Exponential equation on the set of real numbers

Question

Solve the following equation on the set of real numbers: $8^x+27^x+2·30^x+54^x+60^x=12^x+18^x+20^x+24^x+45^x+90^x$

$x=1; x=0; x=-1$ are trivial solutions, but I'm stuck with proving that there are no others...

Answer 1

Assuming we are looking for real valued solutions for $x$:

Start by writing all the terms on the left hand side, with zero on the other side, and write $a=2^x$, $b=3^x$ and $c=5^x$

The equation then becomes $$a^3+b^3+2abc+ab^3+a^2bc-a^2b-ab^2-a^2c-a^3b-b^2c-ab^2c=0$$

When $b$ is replaced by $a$ the polynomial is identically zero, so $(b-a)$ is a factor.
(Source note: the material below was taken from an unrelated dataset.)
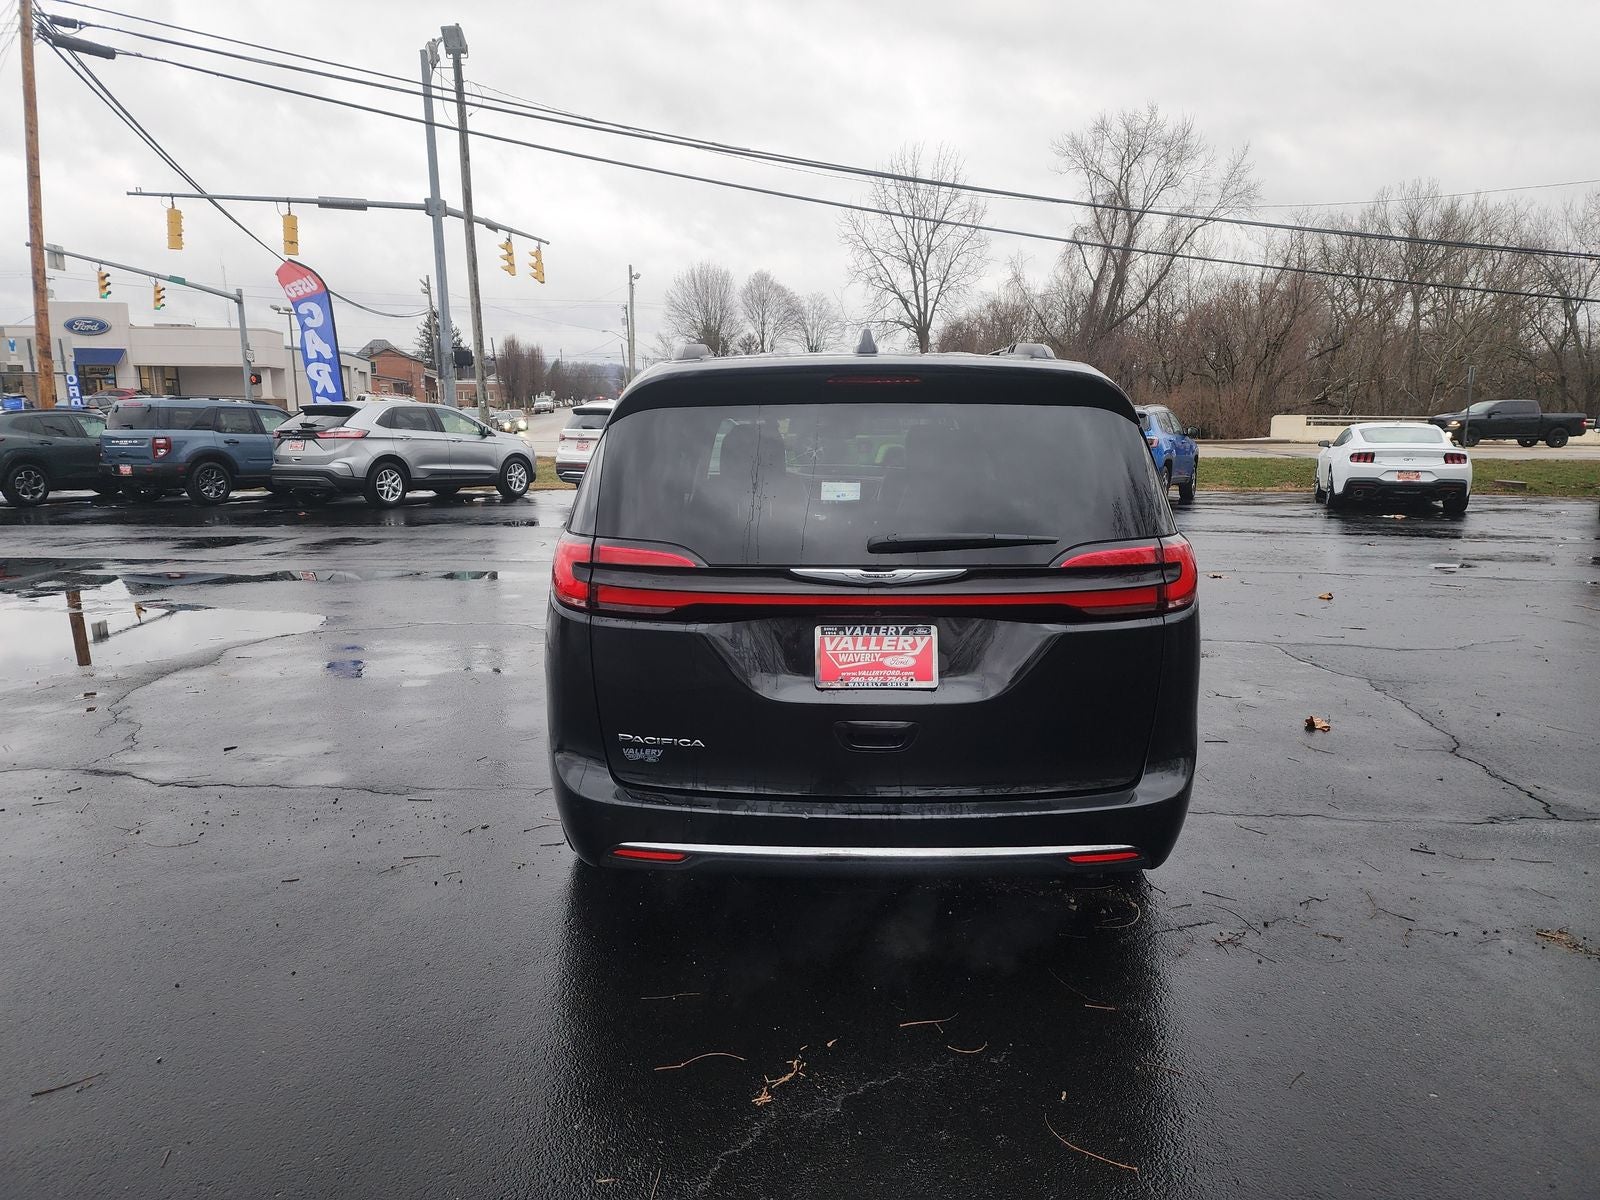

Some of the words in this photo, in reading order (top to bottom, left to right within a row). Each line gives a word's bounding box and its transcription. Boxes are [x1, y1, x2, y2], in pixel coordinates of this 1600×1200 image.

So we have one solution already, given by $$b-a=0\Rightarrow 2^x=3^x\Rightarrow x=0$$

After some long division, the remaining factor is $$a^2b+ab^2-abc-a^2+ac+b^2-bc$$

This factorises as $$(ab-a+b)(a+b-c)$$

So there are two more possible solutions to consider:

firstly,$$2^x3^x-2^x+3^x=0\Rightarrow 6^x+3^x=2^x,$$ which has only one solution, namely $x=-1$

And secondly, $$2^x+3^x-5^x=0$$ which again has only one solution, namely $x=1$

So the three solutions you identified in the first place are indeed the only solutions.